Pune police arrested Bharadwaj from her Badarpur home in the morning. What followed were multiple twists as two courts weighed in on Pune police’s demand for her transit custody.
The Faridabad chief judicial magistrate granted police’s plea in an evening hearing at his house, minutes after the Punjab and Haryana High Court, approached by Bharadwaj’s team against the detention, adjourned the hearing on the case till Thursday.
Pune police then whisked Bharadwaj away from the CJM’s home, and took her to an unknown location, with acquaintances reportedly having little knowledge of her whereabouts.
Around midnight, Bharadwaj was seen held in a Toyota Innova stationed on a dimly lit road outside the house of the CJM in Sector 15A, Faridabad.
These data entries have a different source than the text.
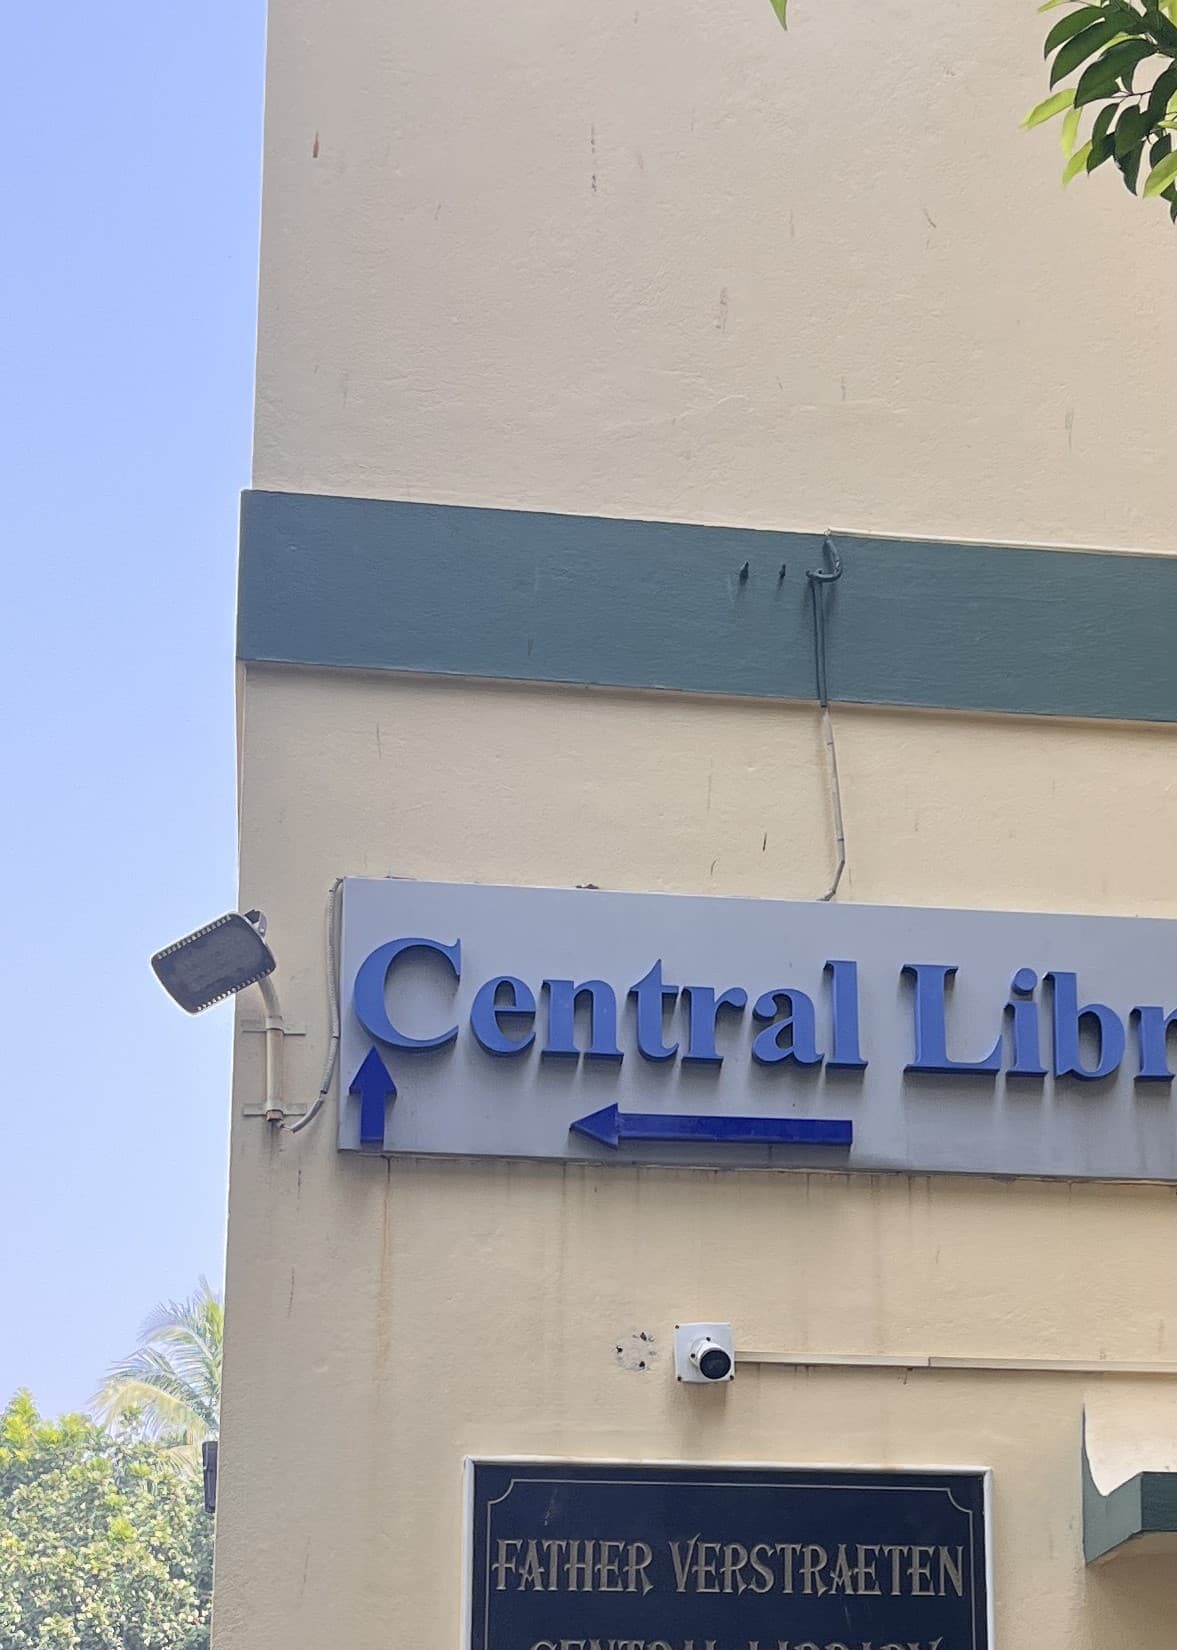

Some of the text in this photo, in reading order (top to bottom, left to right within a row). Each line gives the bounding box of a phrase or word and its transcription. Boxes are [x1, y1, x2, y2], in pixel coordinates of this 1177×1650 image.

[353, 937, 868, 1071] Central
[492, 1533, 965, 1598] FATHER VERSTRAETEN
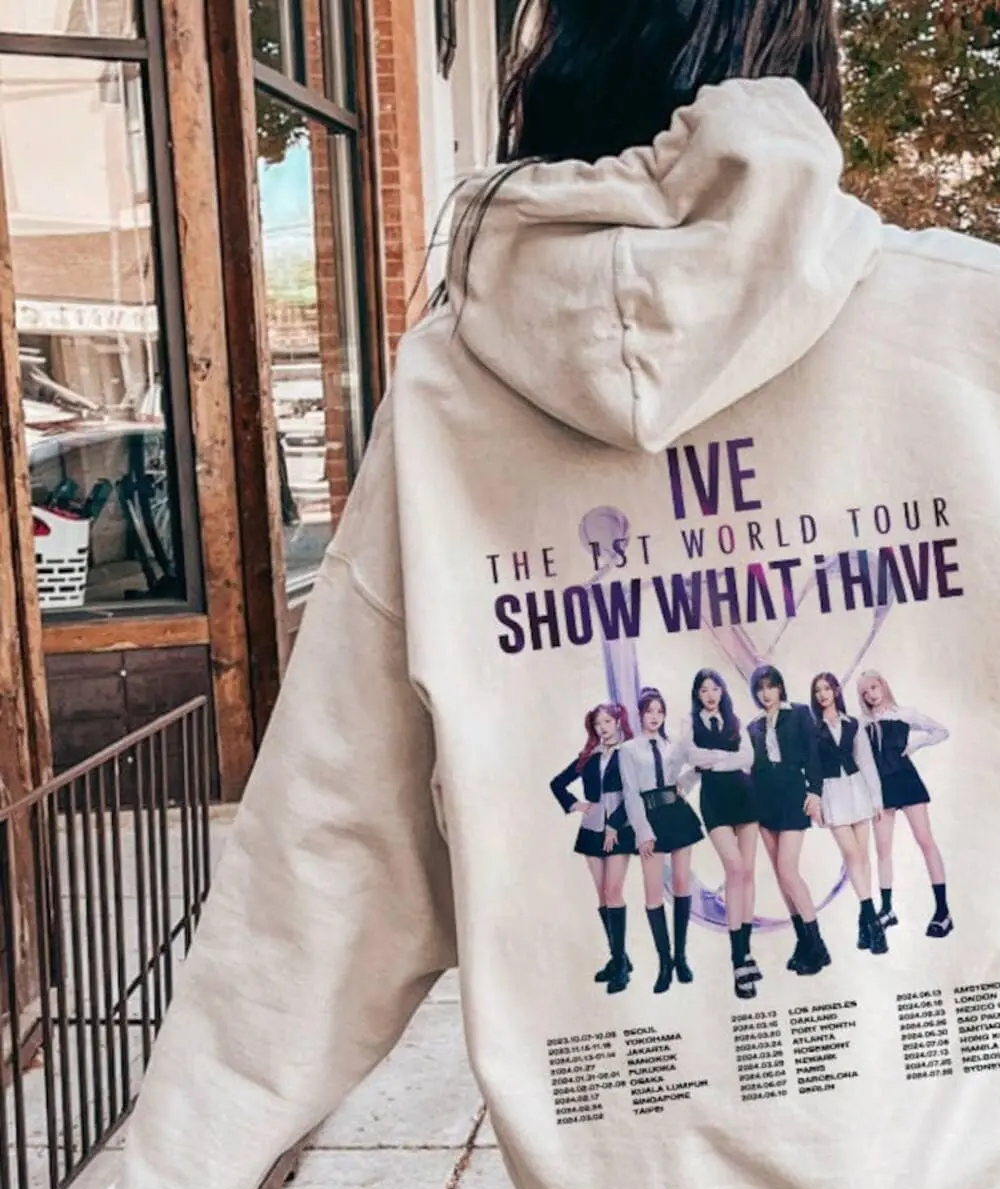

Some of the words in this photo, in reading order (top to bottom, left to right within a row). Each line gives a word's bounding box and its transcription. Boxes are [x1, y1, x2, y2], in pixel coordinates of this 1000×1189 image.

[666, 437, 762, 520] IVE
[486, 547, 557, 584] THE
[589, 535, 652, 571] 1ST
[681, 515, 816, 559] WORLD
[847, 497, 950, 538] TOUR
[494, 578, 641, 654] SHOW
[652, 558, 801, 633] WHAT
[838, 538, 964, 611] HAVE
[955, 993, 997, 1003] LONDON
[789, 1007, 808, 1015] LOS
[812, 1001, 857, 1012] ANGELES
[956, 1003, 995, 1013] MEXICO
[790, 1014, 838, 1025] OAKLAND
[820, 1021, 856, 1031] WORTH
[625, 1033, 682, 1046] YOKOHAMA
[793, 1034, 835, 1044] ATLANTA
[960, 1034, 989, 1043] HONG
[626, 1045, 671, 1056] JAKARTA
[961, 1043, 998, 1052] MANILA
[627, 1054, 677, 1066] BANGKOK
[796, 1065, 825, 1074] PARIS
[630, 1076, 664, 1086] OSAKA
[798, 1071, 858, 1084] BARCELONA
[631, 1083, 663, 1096] KUALA
[666, 1080, 708, 1091] LUMPUR
[633, 1092, 691, 1105] SINGAPORE
[633, 1106, 664, 1115] TAIPEI
CJM Ashok Kumar first summoned Pune and Surajkund police inside his residence without any lawyers present.
Initially, Bharadwaj’s lawyer Vrinda Grover was asked to make her submissions in the CJM’s driveway. After addressing the judge briefly, Grover sought permission to make her full submissions in an appropriate manner since the driveway was an inconvenient place to show any documents. The CJM agreed, and invited Grover inside, where she waited as Bharadwaj stayed outside in the vehicle.
After hearing the two sides, the CJM visited the district judge at his residence for advice on the matter. On his return, around 1 am, the CJM ordered Bharadwaj to remain under house arrest till 30 August, when the high court takes up the matter.
How the five activists are linked to the Elgaar Parishad, an event to commemorate Dalit participation in a British war against Marathas that was held in Pune on 31 December 2017, was not immediately clear.
According to a report in The Indian Express, it is believed that charges against the five stem from earlier arrests made in a case filed by a Pune resident accusing activists of peddling “provovative” content at the event, which was at the root of the Bhima-Koregaon violence.
The Delhi High Court and the Punjab and Haryana High Court came to Navlakha and Bharadwaj’s rescue primarily on the grounds that the punchnama and seizure memo filed by police were in Marathi – a language neither activist knows. The Delhi High Court also noted that Pune police had failed to clarify the exact charge against Navlakha.
The searches conducted at the duo’s residences reportedly did not yield anything incriminating either.